Change is the first law of Nature. In fact, change is the mark of Time, while times of transition and how to adapt to them are key to conscious living.
To me, there is no greater time of year to acknowledge this than during the months of September and October – Nature’s most transitional months – highlighted by the September Equinox that brings autumn to the northern hemisphere.
When we align our energy and rhythm to that of Nature we experience more harmony, peace and radiance. But it is during autumn – when the frenetic joy and growth of summer slows in preparation for the sleep of winter – that we are most acutely able to ‘feel’ the benefits of this alignment and use it to deeply restorative effect.

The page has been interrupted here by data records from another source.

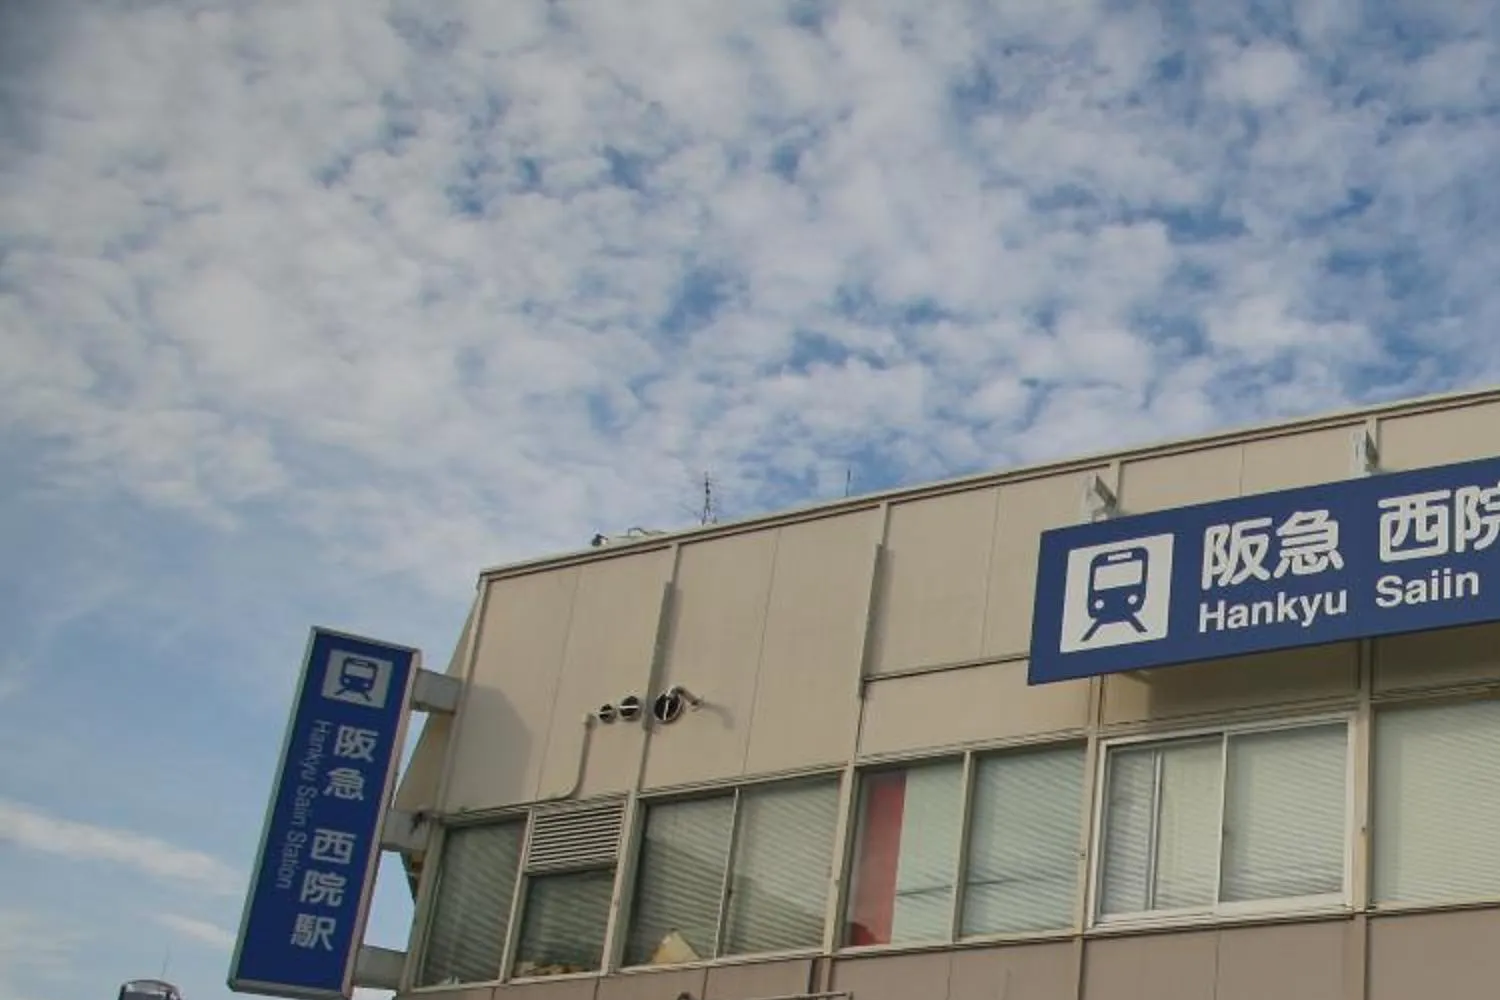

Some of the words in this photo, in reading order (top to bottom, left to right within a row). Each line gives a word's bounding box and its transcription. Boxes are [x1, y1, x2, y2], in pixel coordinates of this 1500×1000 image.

[1201, 508, 1344, 589] 阪急
[1199, 585, 1347, 633] Hankyu
[1375, 568, 1479, 609] Saiin
[322, 724, 379, 801] 阪急
[289, 827, 357, 951] 西院駅
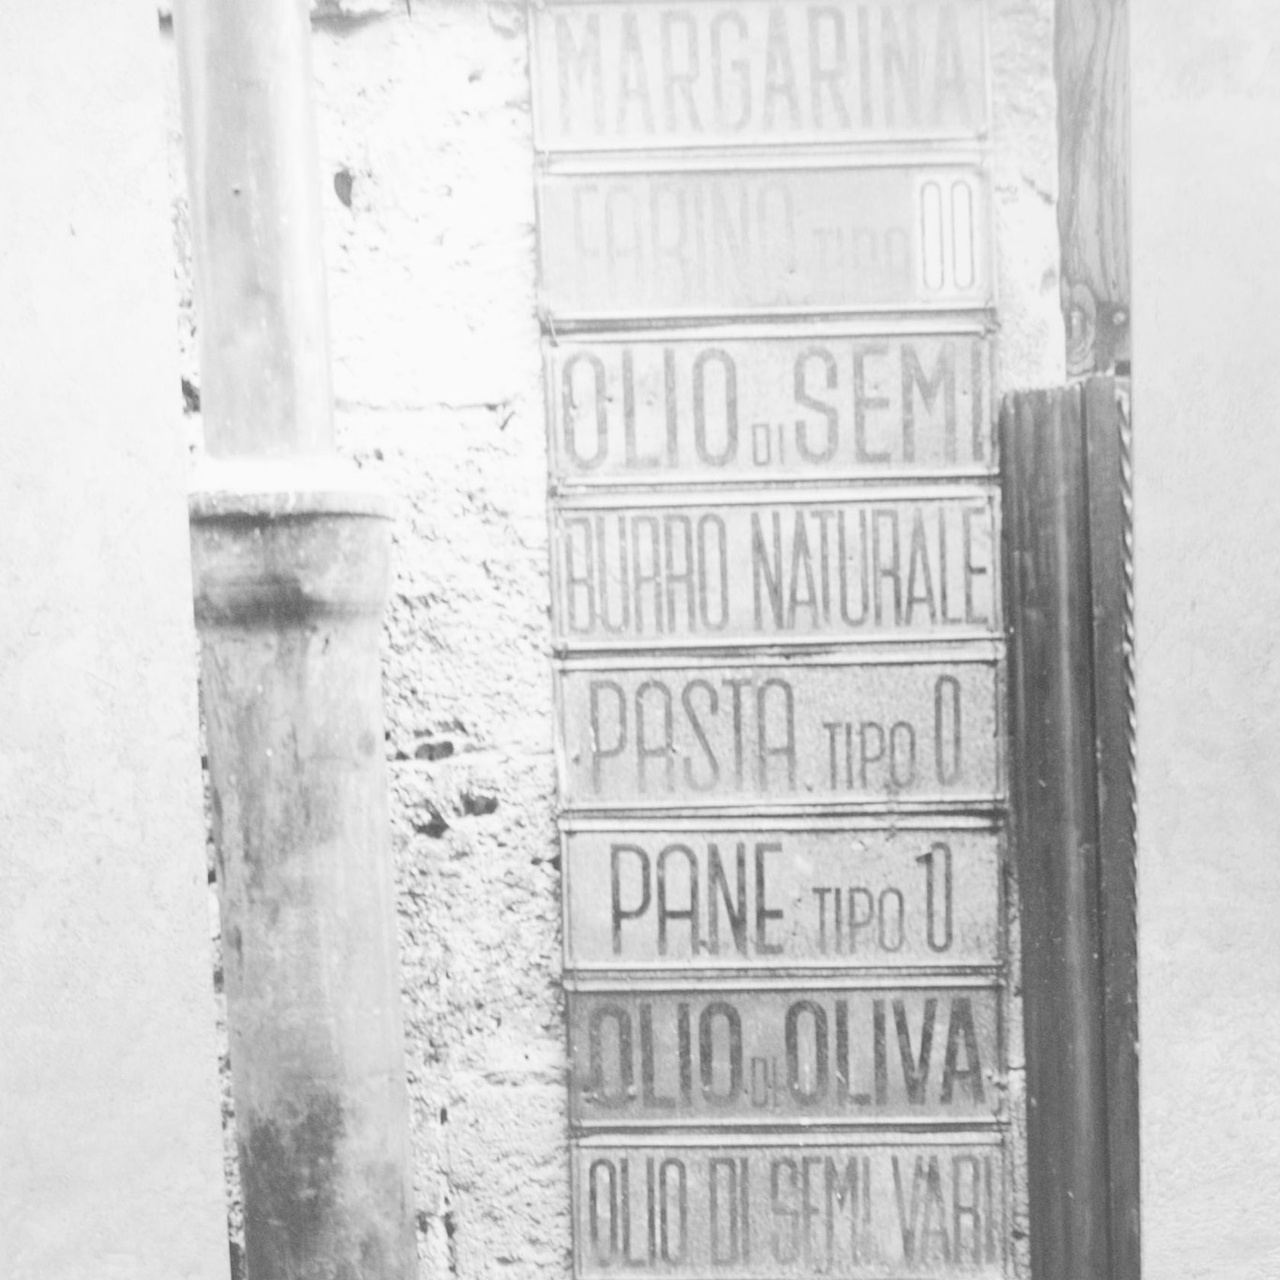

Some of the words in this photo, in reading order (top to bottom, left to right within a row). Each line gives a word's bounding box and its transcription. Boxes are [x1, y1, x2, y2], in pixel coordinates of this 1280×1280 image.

During autumn, the earth is bursting with antioxidant and mineral-rich treasures; from pumpkins and squashes to beetroots and berries, they nourish our cells, boost our immunity, and stabilise our adrenal functions. The changes in light afford us more time to re-tune to our body’s needs, while the seasonal abundance and transformations remind us of the importance of gratitude for the present and hope for the future.
My yoga practice undergoes a more obvious transition during autumn, too: I relish the child’s pose; my mind shifts to a deeper place; I meditate for longer and feel my energy and expectations soften and slow. It’s as though I’m nourishing myself with a renewed balance and tranquillity. And it feels wonderful.
Autumn passes with the rustle of a leaf, so be sure to fully embrace its beauty while it lasts: take early morning and evening walks, make a ritual of your first log fire and consciously align your yoga practice to the season. You’ll never lament the end of summer again.
Just as autumn is a great time for restoring our body and mind, so too is it the best time to treat our skin: soaking in a warm scented bath; nourishing ourselves from top to toe with rich balms; and applying rosehip serums to our face to restore a balanced glow. And they all somehow feel so much better when accompanied by elderberry and ginger tea: a delicious diaphoretic brew that supports the body’s natural responses. To me, it’s the taste of autumn – especially when sweetened with a spot of local Cotswolds honey – and helps prepare me for whatever changes the season may bring.